▶ **WORK INSTRUCTIONS**:
For every record that follows, write out the text exactly and omit the picture, if one is present.

▶ **WORKING DATA**:

============================================================

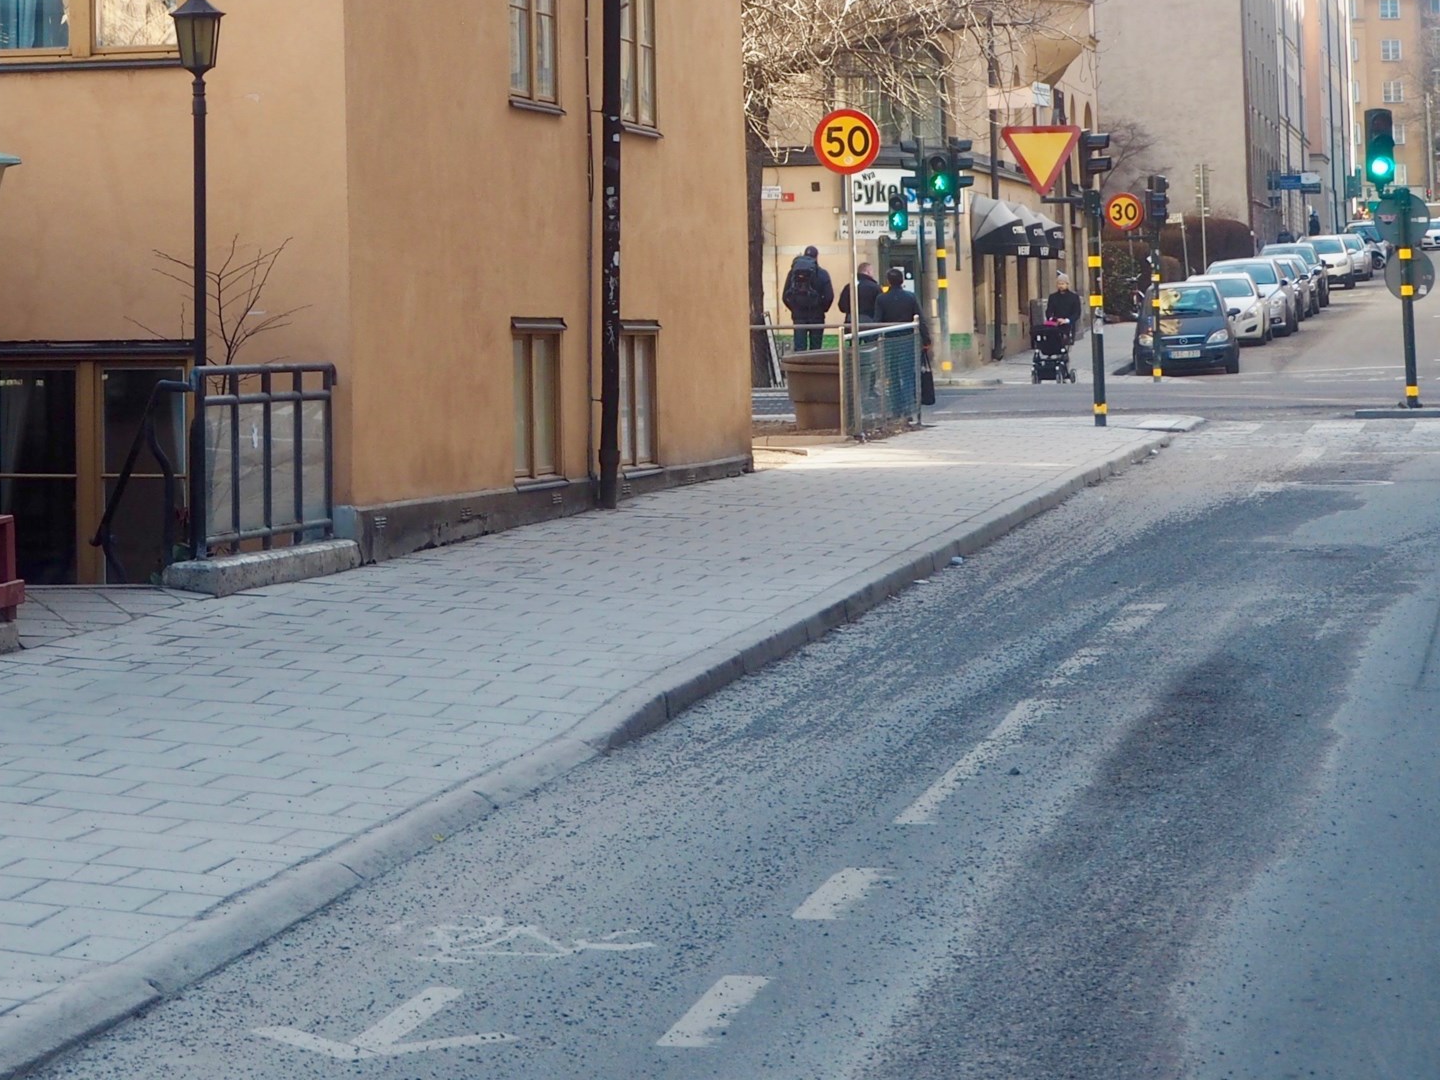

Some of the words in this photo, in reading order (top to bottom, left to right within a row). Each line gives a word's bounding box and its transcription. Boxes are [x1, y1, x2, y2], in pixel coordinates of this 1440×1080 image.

[826, 125, 869, 157] 50
[861, 170, 876, 182] Nya
[1112, 203, 1137, 222] 30
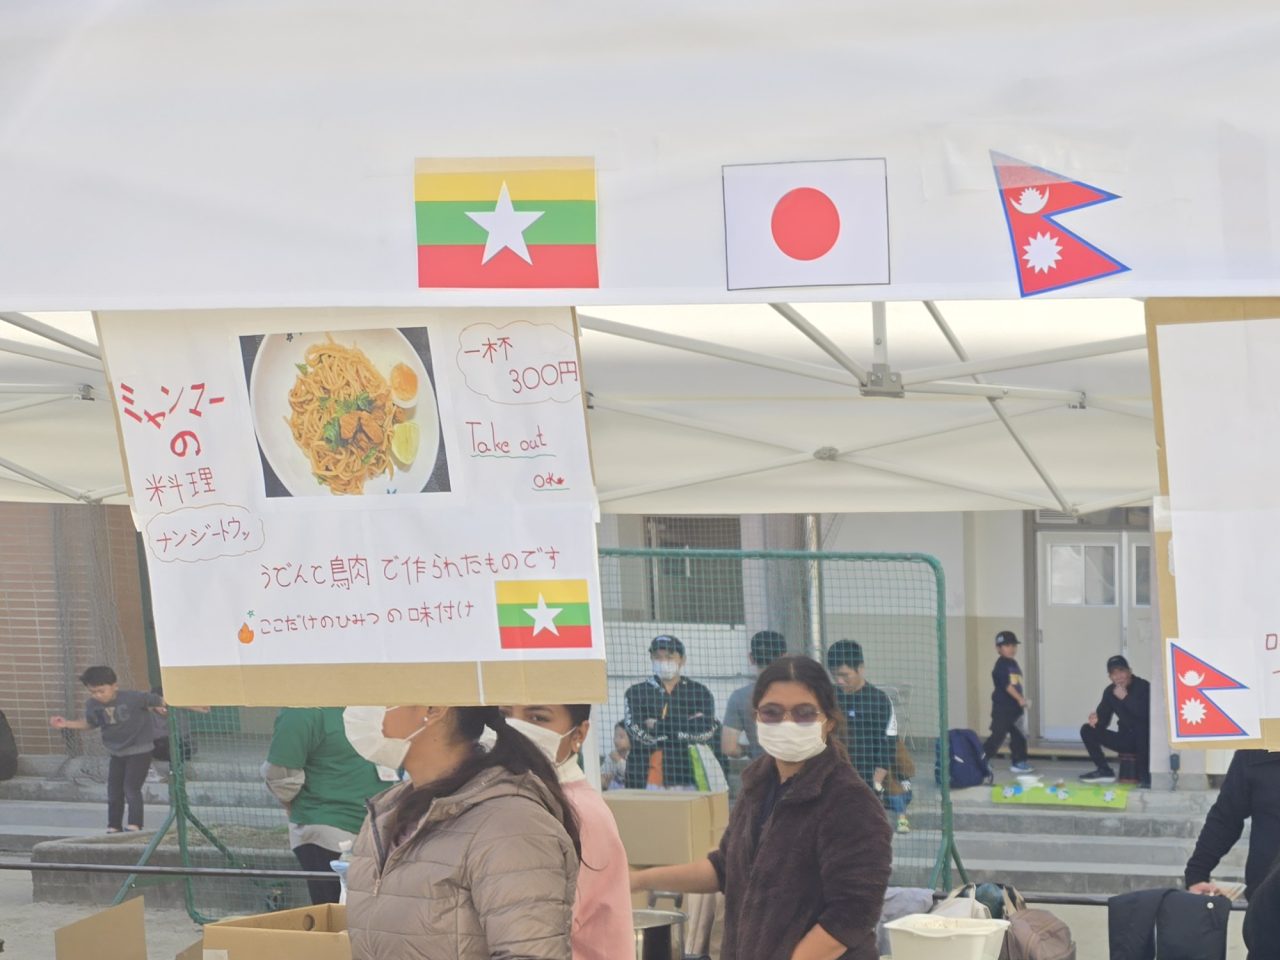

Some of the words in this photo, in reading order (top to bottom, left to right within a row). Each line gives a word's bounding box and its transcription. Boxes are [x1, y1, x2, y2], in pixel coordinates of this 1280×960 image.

[463, 337, 514, 364] 一杯
[508, 360, 578, 394] 300円
[120, 381, 225, 429] ミャンマー
[169, 430, 202, 458] の
[465, 421, 511, 454] Take
[519, 424, 548, 451] out
[144, 467, 217, 505] 料理
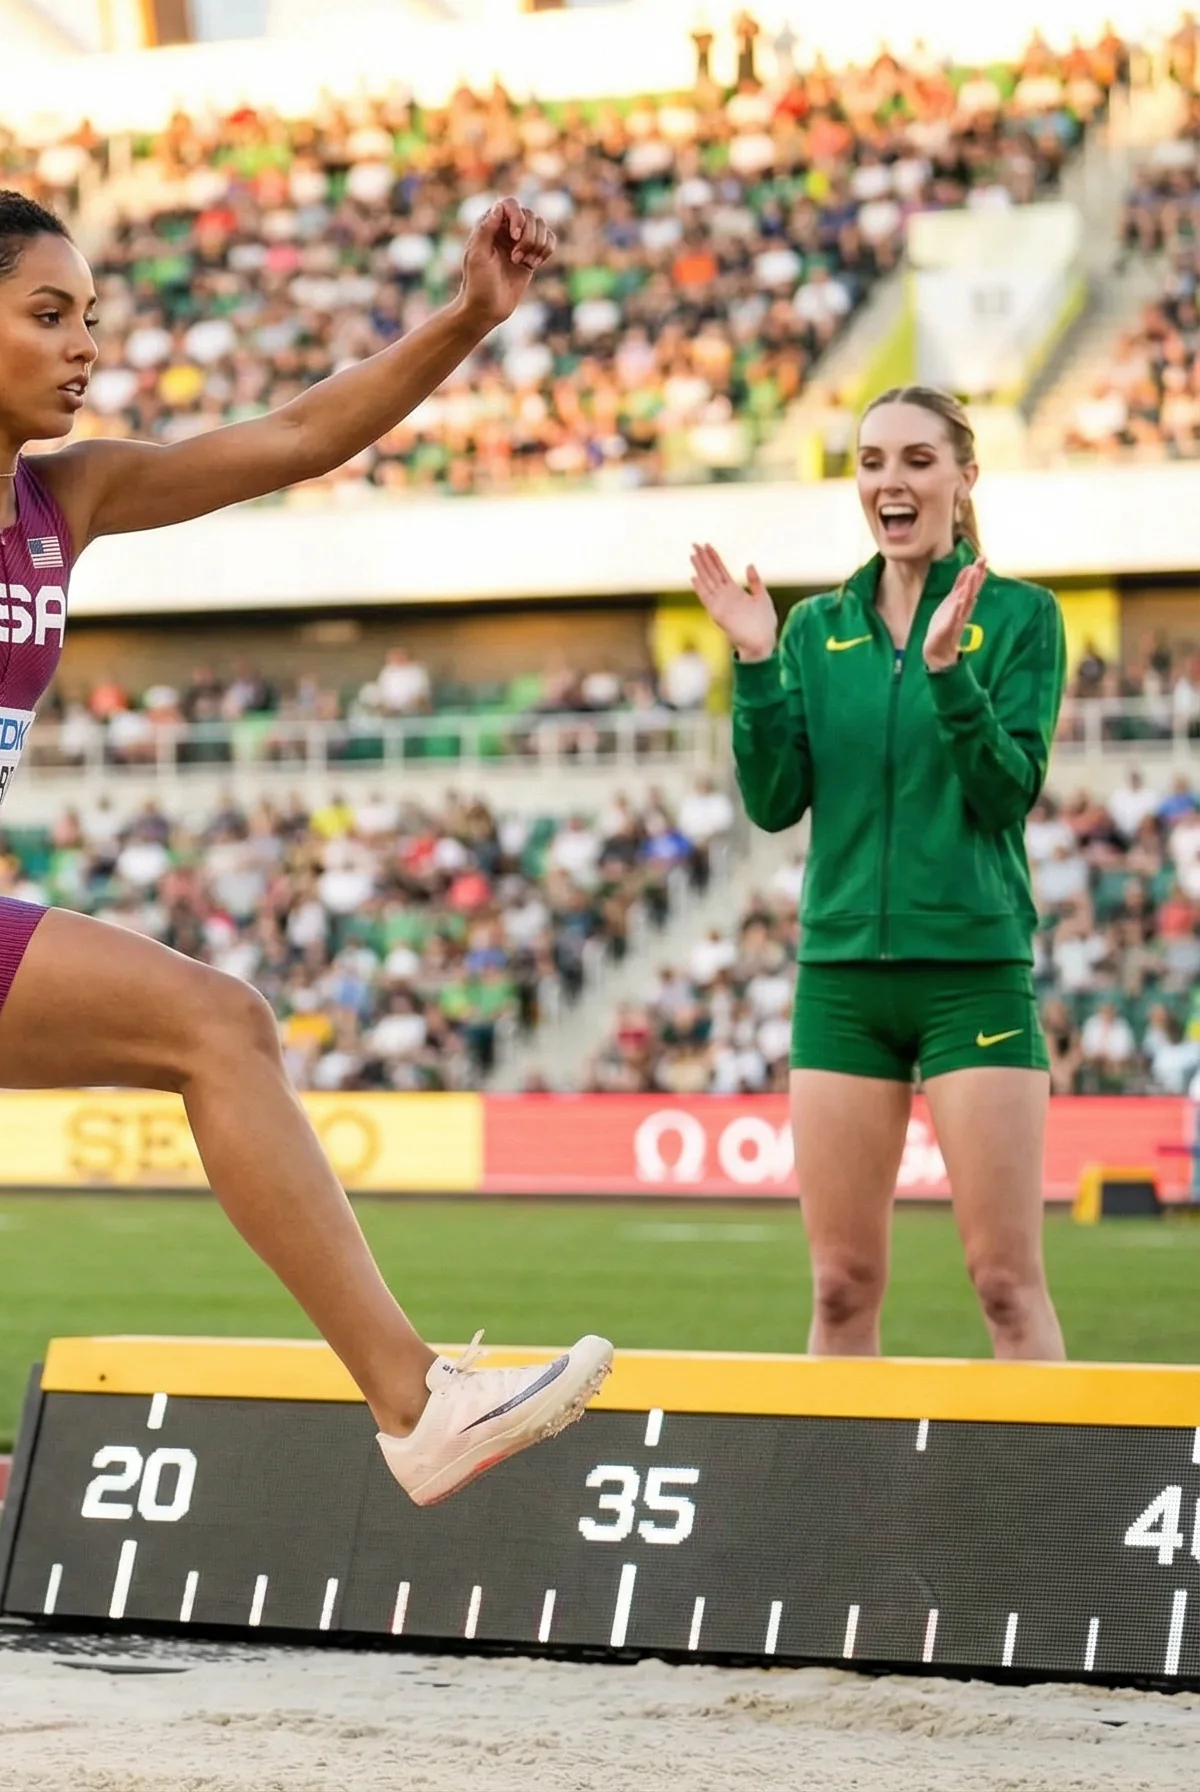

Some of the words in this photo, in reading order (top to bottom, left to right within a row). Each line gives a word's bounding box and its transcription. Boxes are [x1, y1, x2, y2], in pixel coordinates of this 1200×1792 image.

[68, 1106, 382, 1178] SEO
[81, 1445, 198, 1521] 20
[578, 1464, 700, 1544] 35
[1124, 1484, 1200, 1565] 4

============================================================

▶ **EXERCISE OUTPUT**:
Some of the words in this photo, in reading order (top to bottom, left to right within a row). Each line gives a word's bounding box and its transcription. Boxes are [x1, y1, x2, y2], in pixel coordinates of this 1440×1080 image.

[826, 125, 869, 157] 50
[861, 170, 876, 182] Nya
[1112, 203, 1137, 222] 30

Some of the words in this photo, in reading order (top to bottom, left to right within a row). Each line gives a word's bounding box and its transcription. Boxes are [x1, y1, x2, y2], in pixel coordinates of this 1280×960 image.

[463, 337, 514, 364] 一杯
[508, 360, 578, 394] 300円
[120, 381, 225, 429] ミャンマー
[169, 430, 202, 458] の
[465, 421, 511, 454] Take
[519, 424, 548, 451] out
[144, 467, 217, 505] 料理

Some of the words in this photo, in reading order (top to bottom, left to right within a row). Each line gives a word's bounding box and its transcription. Boxes are [x1, y1, x2, y2], in pixel coordinates of this 1200×1792 image.

[68, 1106, 382, 1178] SEO
[81, 1445, 198, 1521] 20
[578, 1464, 700, 1544] 35
[1124, 1484, 1200, 1565] 4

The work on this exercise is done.